Science chief wants next pandemic vaccine ready in 100 days
The new White House science advisor wants to have a vaccine ready to fight the next pandemic in just about 100 days after recognizing a potential viral outbreak.
In his first interview after being sworn in Wednesday, Eric Lander painted a rosy near-future where a renewed American emphasis on science not only makes the world better prepared for the next pandemic with plug-and-play vaccines, but also changes how medicine fights disease and treats patients, curbs climate change and further explores space.
He even threw in a “Star Trek” reference.
“This is a moment in so many ways, not just health, that we can rethink fundamental assumptions about what’s possible, and that’s true of climate and energy and many areas,” Lander said.
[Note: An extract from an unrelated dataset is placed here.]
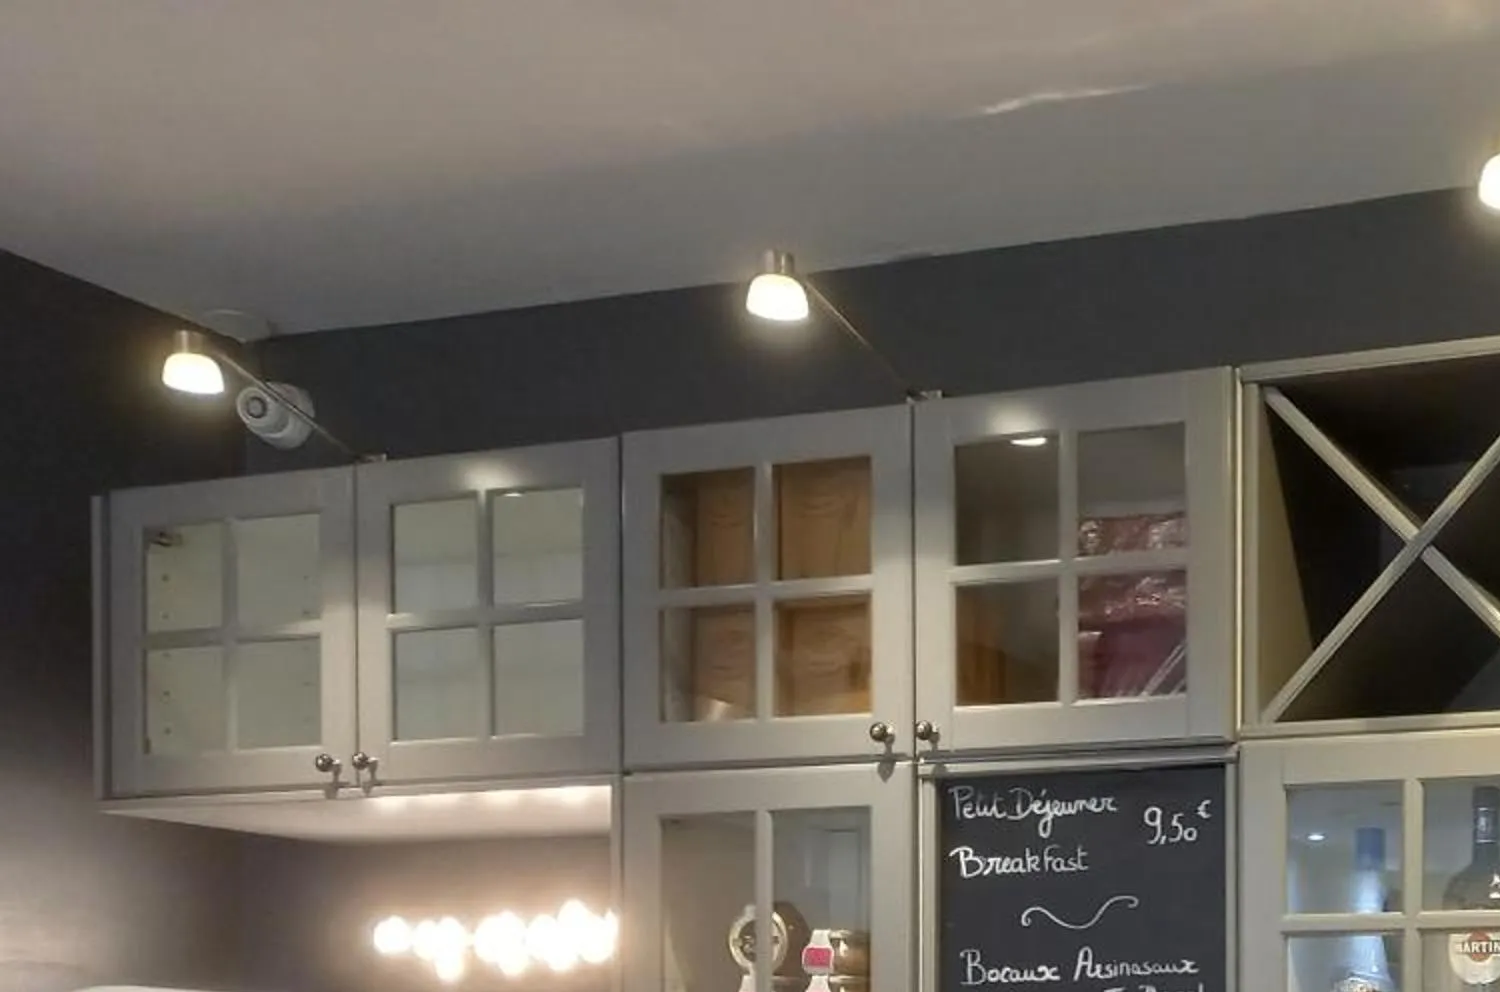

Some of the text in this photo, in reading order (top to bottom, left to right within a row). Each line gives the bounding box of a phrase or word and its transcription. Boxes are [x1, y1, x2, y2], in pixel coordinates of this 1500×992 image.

[948, 785, 1006, 820] Petit
[1008, 787, 1118, 838] Déjeuner
[949, 845, 1089, 878] Breakfast
Lander took his oath of office on a 500-year-old fragment of the Mishnah, an ancient Jewish text documenting oral traditions and laws. He is the first director of the Office of Science and Technology Policy to serve at the Cabinet level.
Lander said President Biden’s elevation of the science post is a way to symbolize “that science should have a seat at the table.” On a more practical level, it allows him to have higher-level policy talks with the heads of different agencies.
Lander is a mathematician and geneticist by training who was part of the human genome mapping project and directed the Broad Institute at MIT and Harvard. He said he is particularly focused not so much on this pandemic, but the lessons learned from this one to prepare for the next one.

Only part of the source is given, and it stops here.